> [What you need to do]
Each entry should be printed exactly, with its images omitted.

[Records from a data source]
● ● ● ● ● ● ●

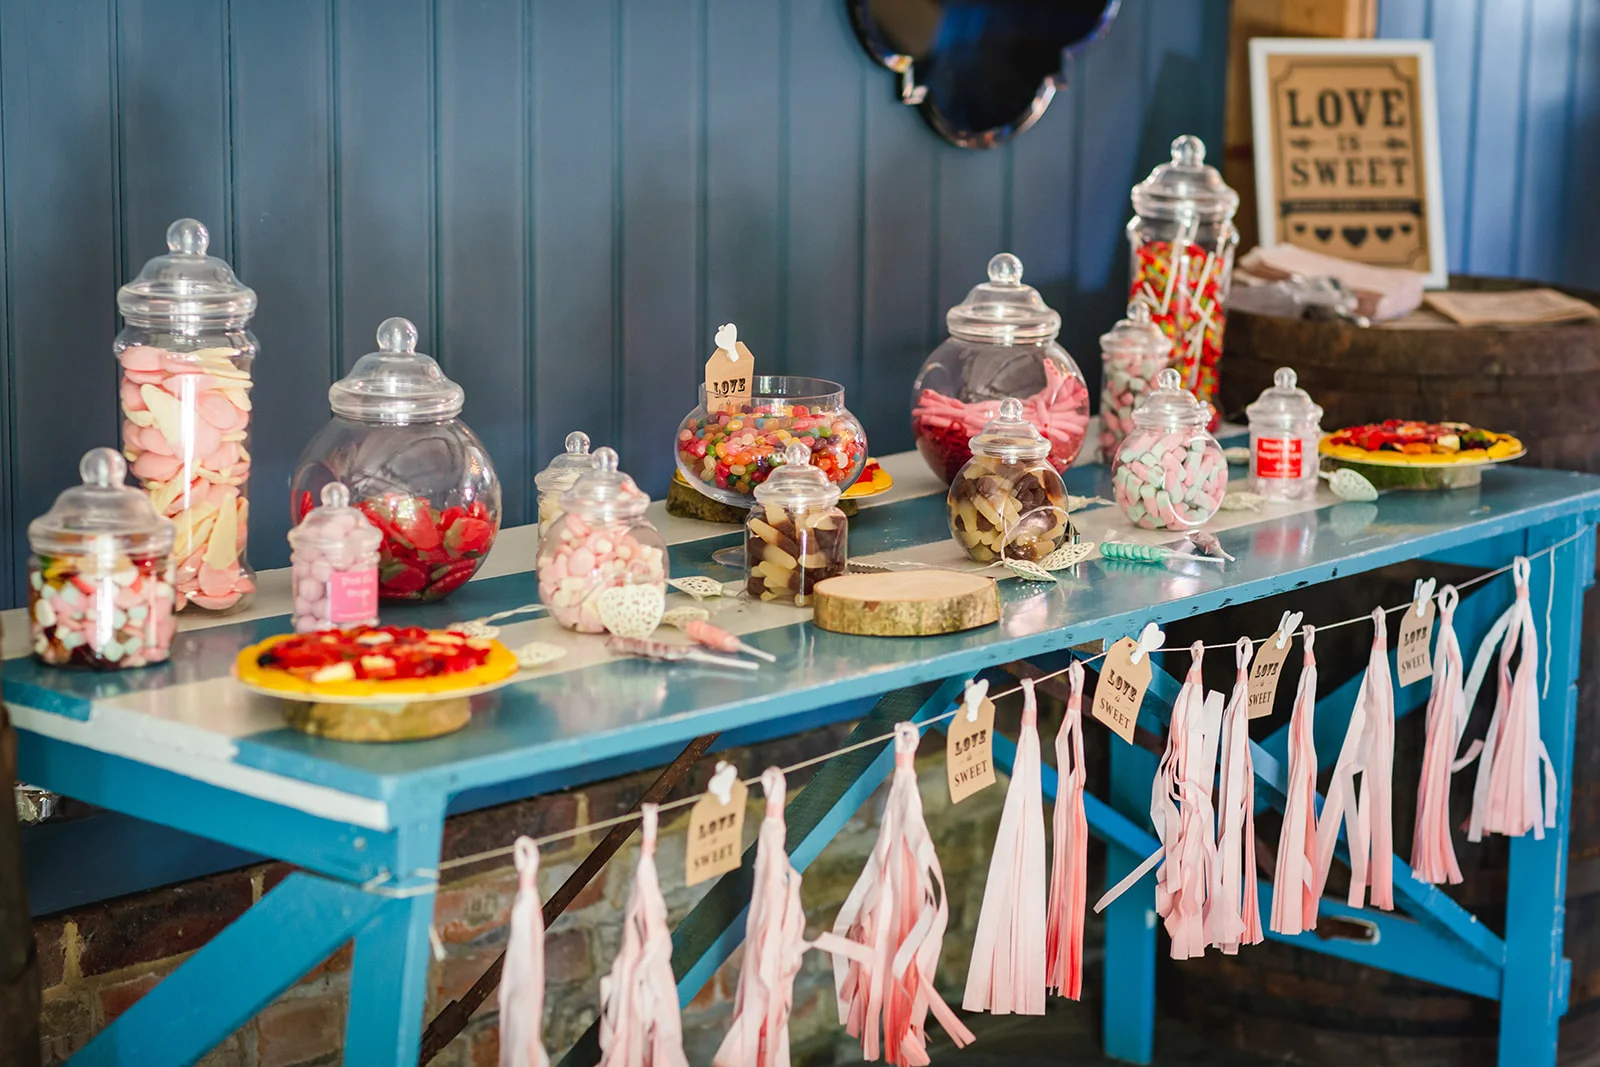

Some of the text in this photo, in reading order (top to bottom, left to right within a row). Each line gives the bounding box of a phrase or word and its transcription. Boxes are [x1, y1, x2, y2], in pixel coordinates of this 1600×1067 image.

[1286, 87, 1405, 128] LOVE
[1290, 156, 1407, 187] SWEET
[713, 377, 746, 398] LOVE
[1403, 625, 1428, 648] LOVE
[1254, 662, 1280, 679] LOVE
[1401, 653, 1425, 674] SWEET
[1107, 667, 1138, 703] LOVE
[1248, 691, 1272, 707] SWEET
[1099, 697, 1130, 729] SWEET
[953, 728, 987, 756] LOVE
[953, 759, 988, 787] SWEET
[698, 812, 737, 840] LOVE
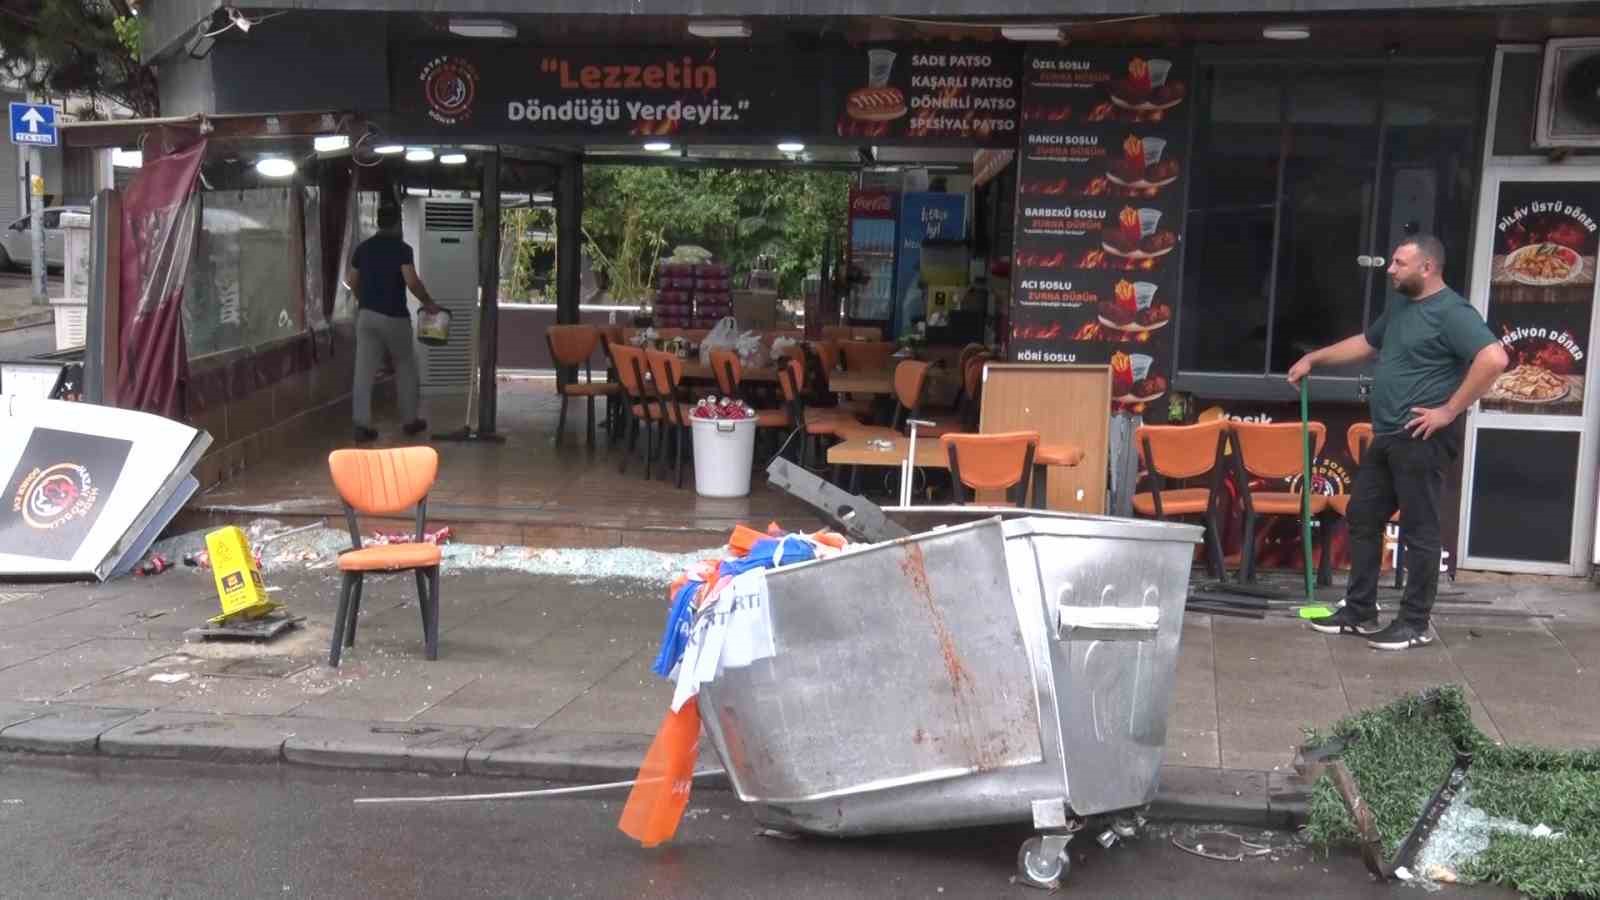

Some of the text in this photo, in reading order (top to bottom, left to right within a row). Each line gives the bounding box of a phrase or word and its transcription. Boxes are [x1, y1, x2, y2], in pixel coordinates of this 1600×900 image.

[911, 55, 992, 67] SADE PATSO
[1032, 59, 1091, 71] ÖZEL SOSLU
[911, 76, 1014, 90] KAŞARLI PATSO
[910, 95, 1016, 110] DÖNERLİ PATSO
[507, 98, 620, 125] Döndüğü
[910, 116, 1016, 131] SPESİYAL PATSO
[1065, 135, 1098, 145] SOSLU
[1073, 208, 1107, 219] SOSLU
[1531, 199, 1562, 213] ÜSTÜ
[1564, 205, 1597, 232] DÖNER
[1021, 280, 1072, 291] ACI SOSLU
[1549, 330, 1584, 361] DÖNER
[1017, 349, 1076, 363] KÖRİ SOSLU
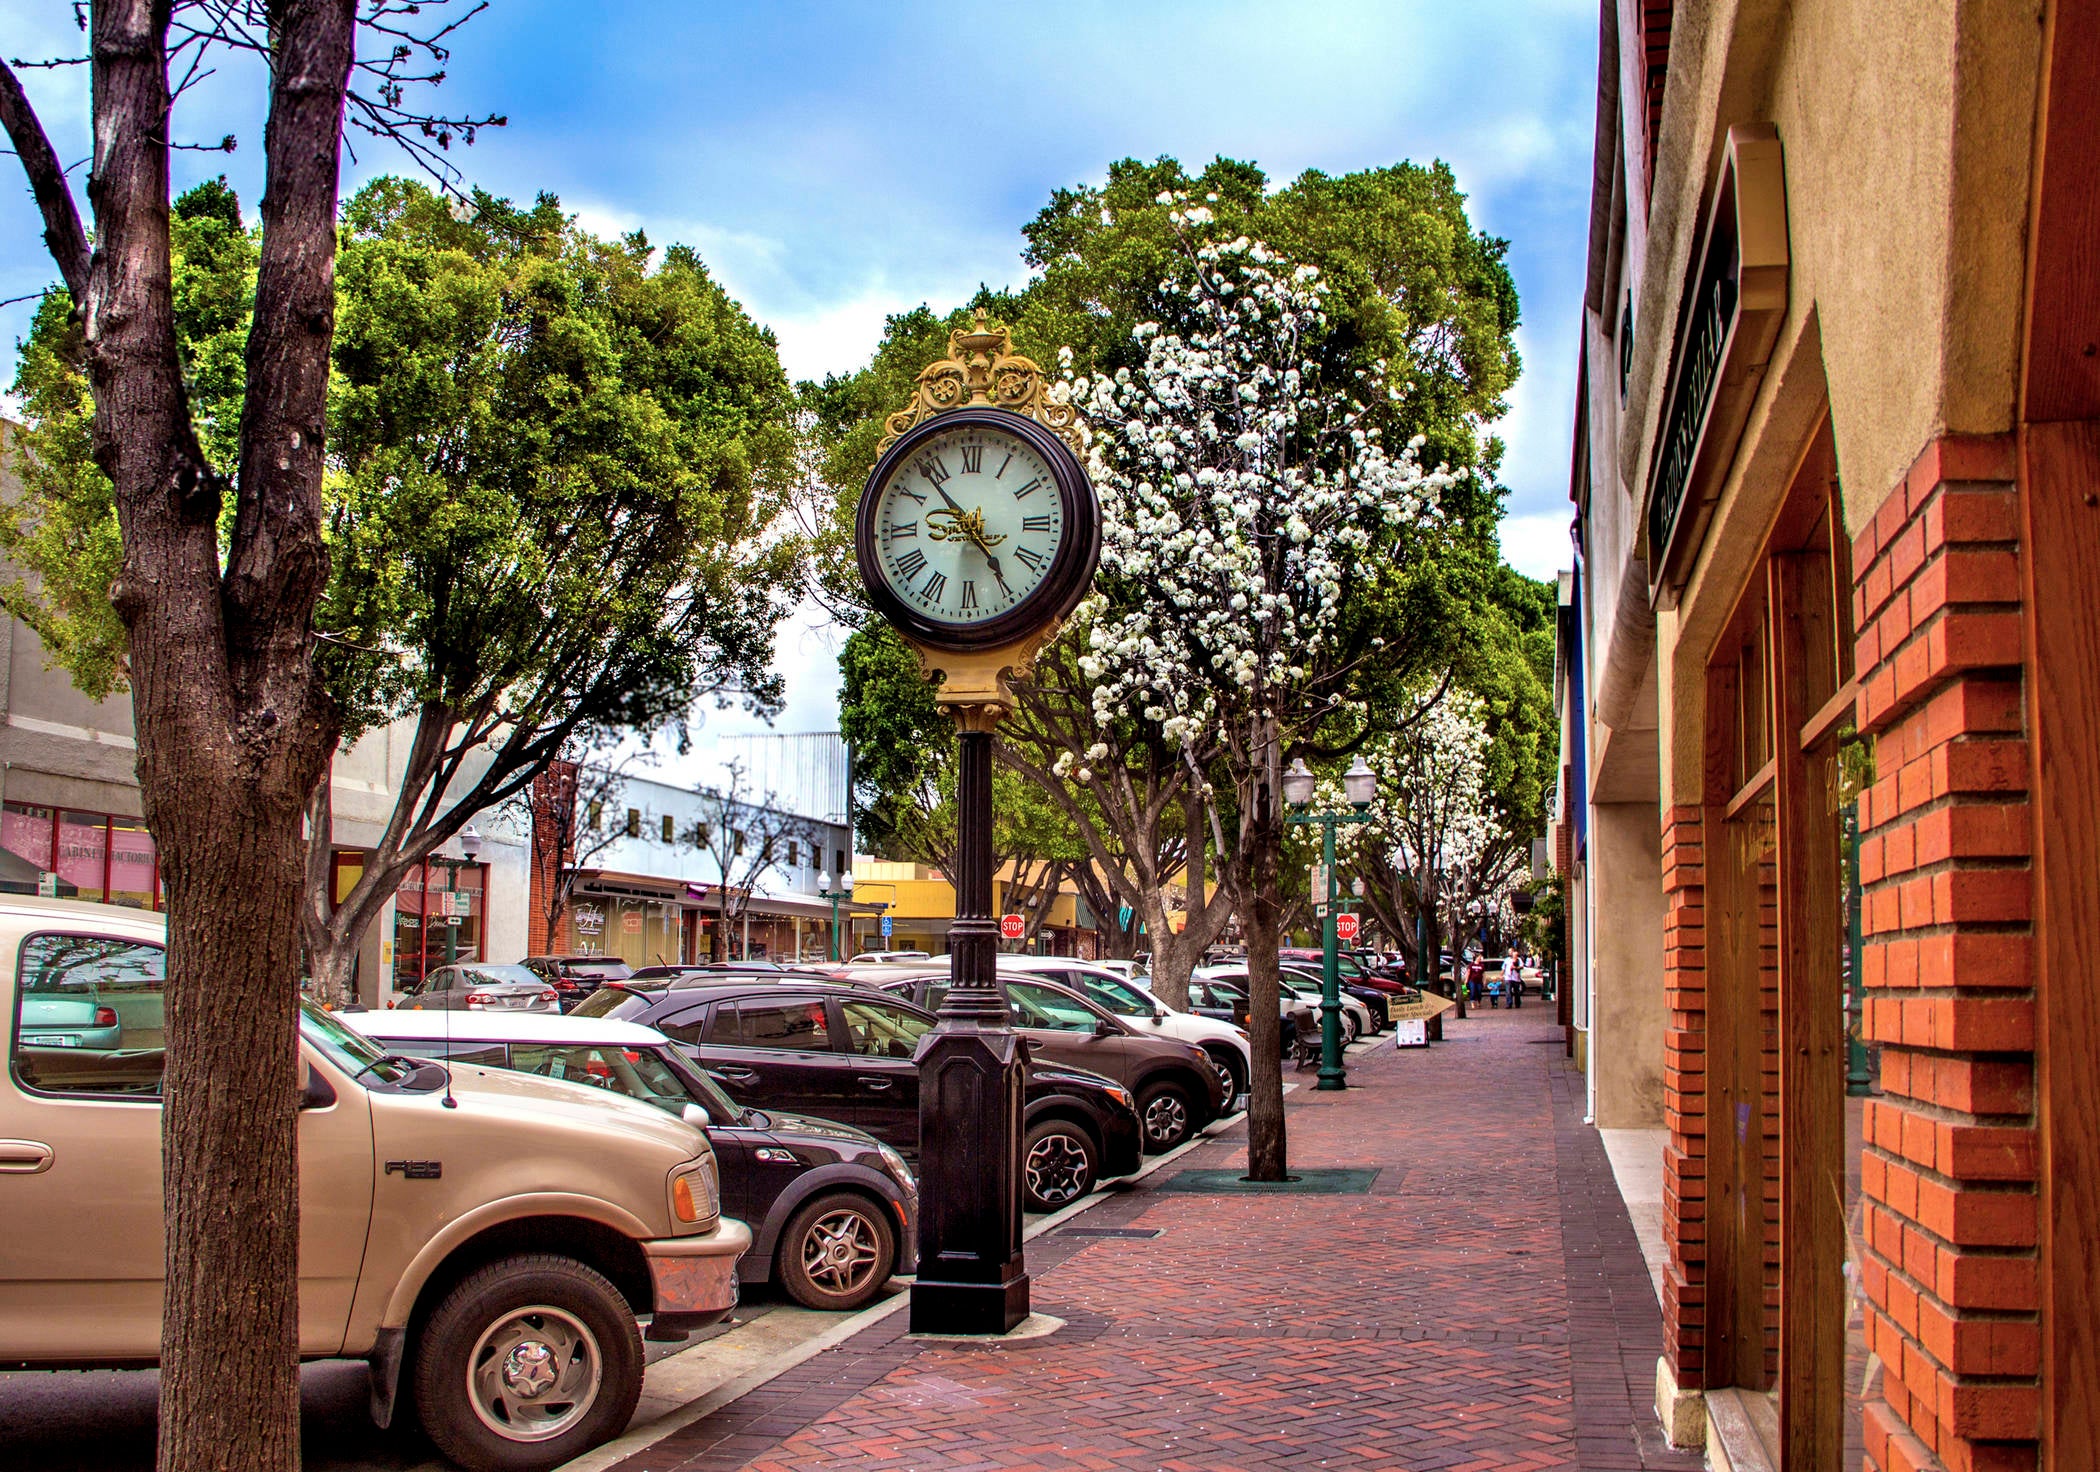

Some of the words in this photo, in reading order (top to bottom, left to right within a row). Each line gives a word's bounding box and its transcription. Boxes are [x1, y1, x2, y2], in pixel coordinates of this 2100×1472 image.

● ● ● ● ● ● ●

> [Exercise answer]
Some of the text in this photo, in reading order (top to bottom, left to right within a row). Each line gives the bounding box of a phrase or word and its transcription. Boxes are [x1, y1, x2, y2], in pixel coordinates of this 1600×1067 image.

[1286, 87, 1405, 128] LOVE
[1290, 156, 1407, 187] SWEET
[713, 377, 746, 398] LOVE
[1403, 625, 1428, 648] LOVE
[1254, 662, 1280, 679] LOVE
[1401, 653, 1425, 674] SWEET
[1107, 667, 1138, 703] LOVE
[1248, 691, 1272, 707] SWEET
[1099, 697, 1130, 729] SWEET
[953, 728, 987, 756] LOVE
[953, 759, 988, 787] SWEET
[698, 812, 737, 840] LOVE

Some of the text in this photo, in reading order (top to bottom, left to right within a row). Each line gives the bounding box of a phrase or word and its transcription. Boxes are [x1, y1, x2, y2], in pixel coordinates of this 1600×900 image.

[911, 55, 992, 67] SADE PATSO
[1032, 59, 1091, 71] ÖZEL SOSLU
[911, 76, 1014, 90] KAŞARLI PATSO
[910, 95, 1016, 110] DÖNERLİ PATSO
[507, 98, 620, 125] Döndüğü
[910, 116, 1016, 131] SPESİYAL PATSO
[1065, 135, 1098, 145] SOSLU
[1073, 208, 1107, 219] SOSLU
[1531, 199, 1562, 213] ÜSTÜ
[1564, 205, 1597, 232] DÖNER
[1021, 280, 1072, 291] ACI SOSLU
[1549, 330, 1584, 361] DÖNER
[1017, 349, 1076, 363] KÖRİ SOSLU

Some of the words in this photo, in reading order (top to bottom, left to right within a row). Each line gives a word's bounding box and its transcription. Boxes are [x1, y1, x2, y2], in pixel coordinates of this 2100×1472 image.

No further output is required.